Vous êtes ici

Avis sur la prévention et la répression des groupements à caractère sectaire

AVIS avis
Date d'adoption : 21/09/00
Télécharger le documentTélécharger le pdf (23Ko)
Thèmes associés :
Justice
Laïcité

Avis sur la prévention et la répression des groupements à caractère sectaire

Le 24 juillet 2000, Madame la Garde des Sceaux, ministre de la Justice, a saisi la CNCDH au sujet de l’article 9 de la proposition de loi prévoyant un délit de « manipulation mentale » pour solliciter son avis sur l’application de ce texte au regard des libertés individuelles.

La CNCDH constate que la simple appartenance à un « groupement qui poursuit des activités ayant pour but ou pour effet de créer ou d’exploiter la dépendance psychologique et physique des personnes qui participent à ces activités » n’est pas punie par l’article 9 de la proposition de loi, ce qui respecte la liberté fondamentale de pensée, de conscience et de religion.
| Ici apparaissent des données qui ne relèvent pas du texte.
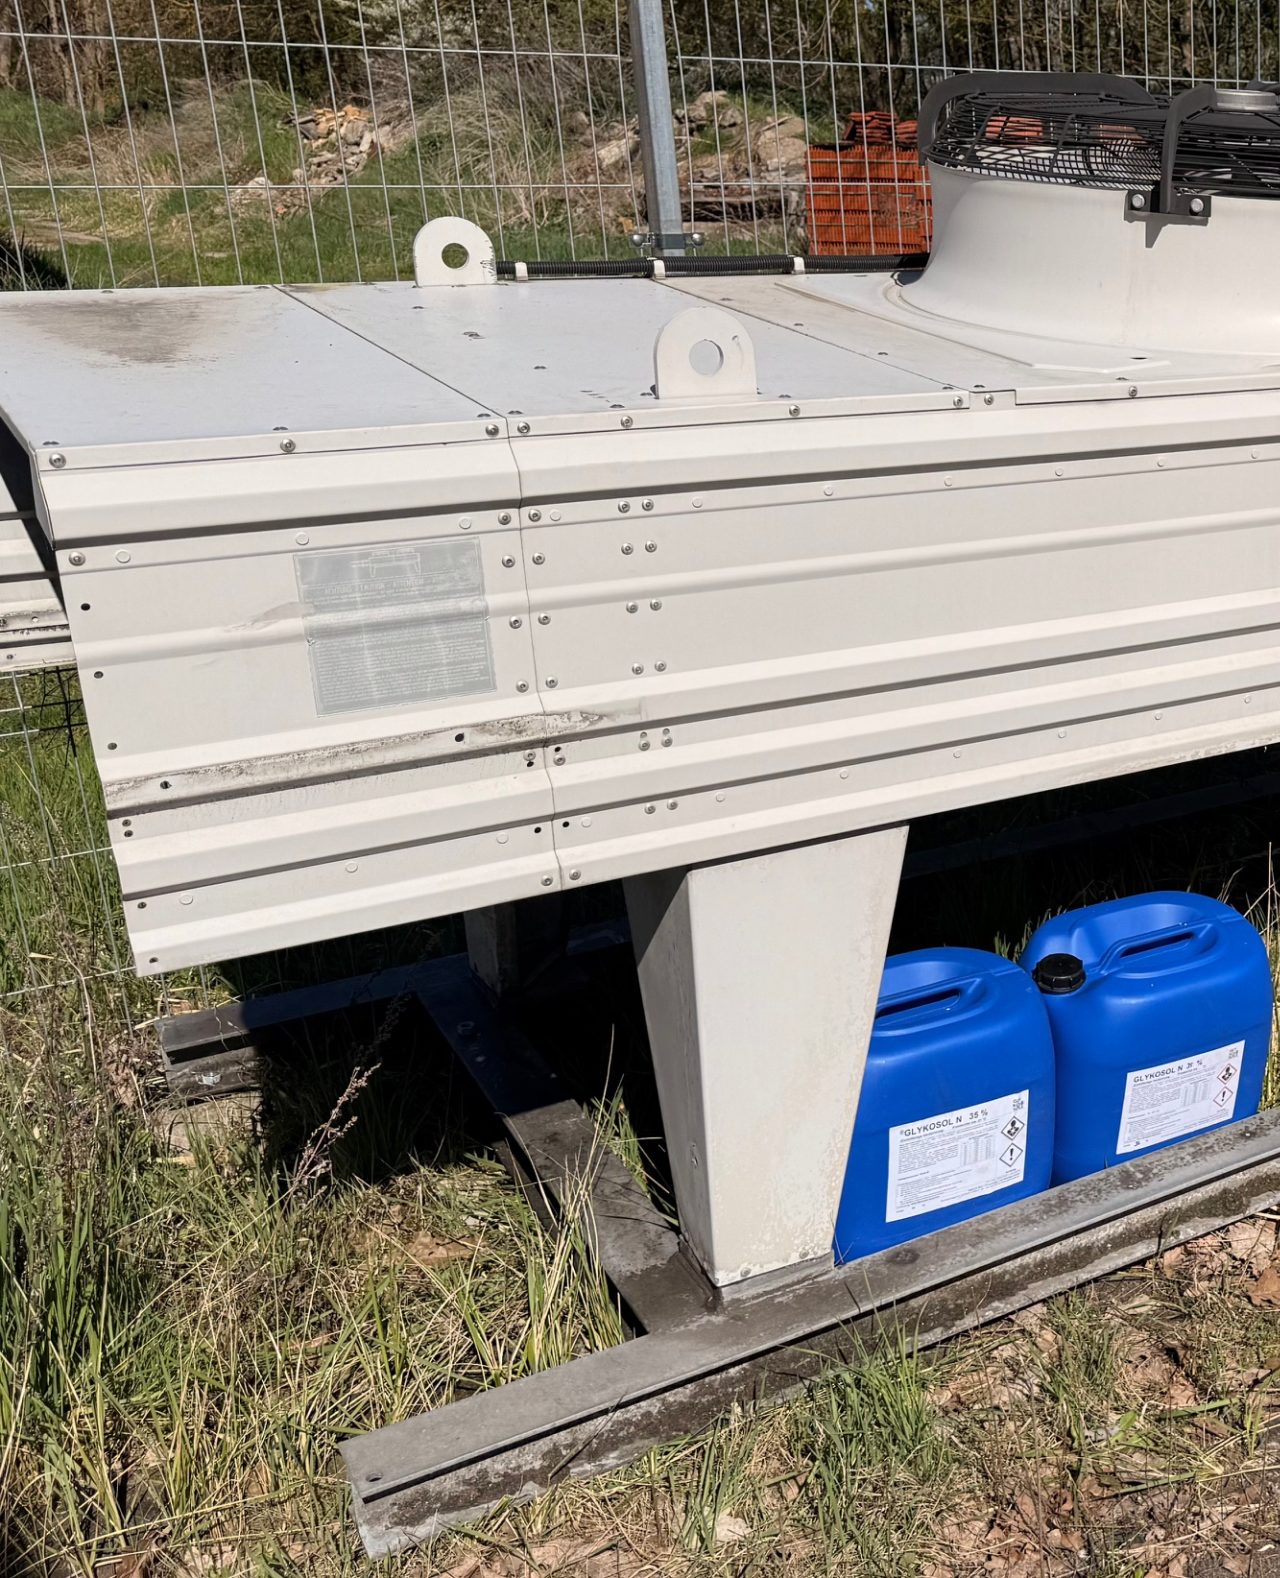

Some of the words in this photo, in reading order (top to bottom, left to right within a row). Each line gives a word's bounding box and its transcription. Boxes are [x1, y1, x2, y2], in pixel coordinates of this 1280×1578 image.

Consciente de la nécessité de mieux coordonner l’action pénale contre les pratiques sectaires, elle constate que les faits dont la répression est envisagée sont déjà largement prévus par l’article 313-4 du Code pénal en réprimant particulièrement les abus provoqués par l’ignorance ou la situation de faiblesse caractéristiques de l’état dans lequel se trouvent les victimes des pratiques sectaires.

Elle estime que des compléments devraient être apportés en déplaçant cet article dans le Code pénal pour ne pas concerner uniquement les actes préjudiciables concernant les biens, en aggravant la répression lorsque le ou les auteurs du délit sont des responsables de droit ou de fait d’un groupement sectaire, ainsi qu'en prévoyant la responsabilité de la personne morale.

Dans ces conditions, la création d’un délit spécifique de « manipulation mentale » ne paraît pas opportune à la CNCDH.